*WHAT YOU NEED TO DO:* Repeat, exactly and in full, the lines of the listing below, but without any pictures.

===== INPUT MATERIAL

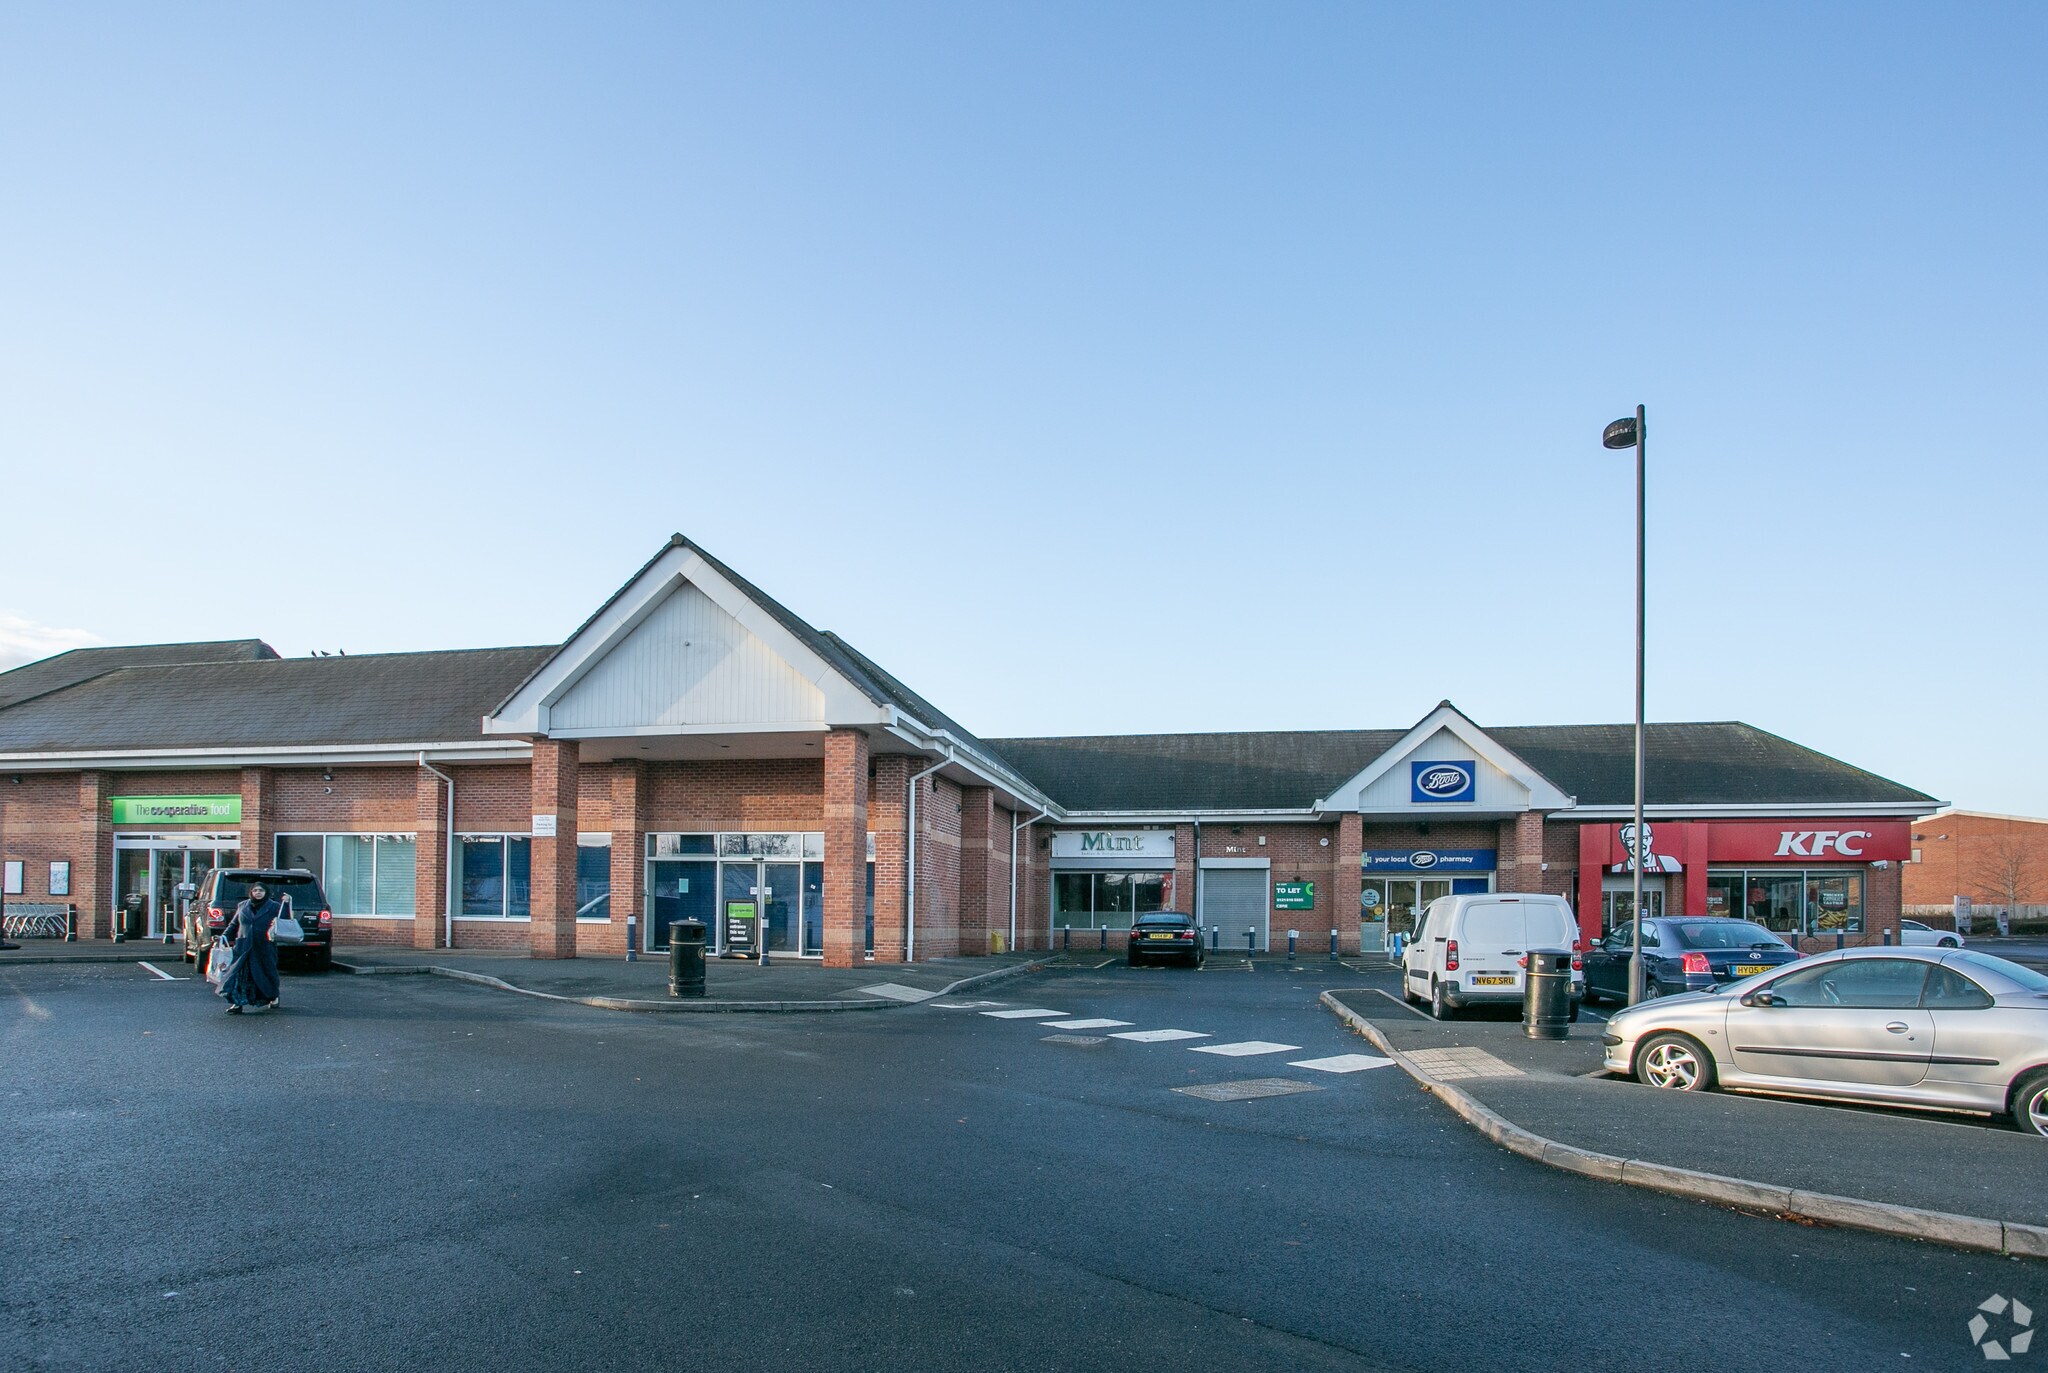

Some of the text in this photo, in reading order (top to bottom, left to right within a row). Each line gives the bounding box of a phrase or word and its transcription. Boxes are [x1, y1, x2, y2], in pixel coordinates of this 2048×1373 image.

[1426, 772, 1460, 789] Boots
[136, 804, 150, 815] The
[211, 803, 230, 815] food
[1081, 832, 1145, 851] Mint
[1774, 830, 1867, 856] KFC
[1226, 845, 1247, 853] Mint
[1440, 856, 1473, 864] pharmacy
[1737, 966, 1759, 974] HY05
[1476, 976, 1514, 985] NV67 SRU

==========

*EXERCISE ANSWER:*
Some of the text in this photo, in reading order (top to bottom, left to right within a row). Each line gives the bounding box of a phrase or word and its transcription. Boxes are [x1, y1, x2, y2], in pixel coordinates of this 2048×1373 image.

[1426, 772, 1460, 789] Boots
[136, 804, 150, 815] The
[211, 803, 230, 815] food
[1081, 832, 1145, 851] Mint
[1774, 830, 1867, 856] KFC
[1226, 845, 1247, 853] Mint
[1440, 856, 1473, 864] pharmacy
[1737, 966, 1759, 974] HY05
[1476, 976, 1514, 985] NV67 SRU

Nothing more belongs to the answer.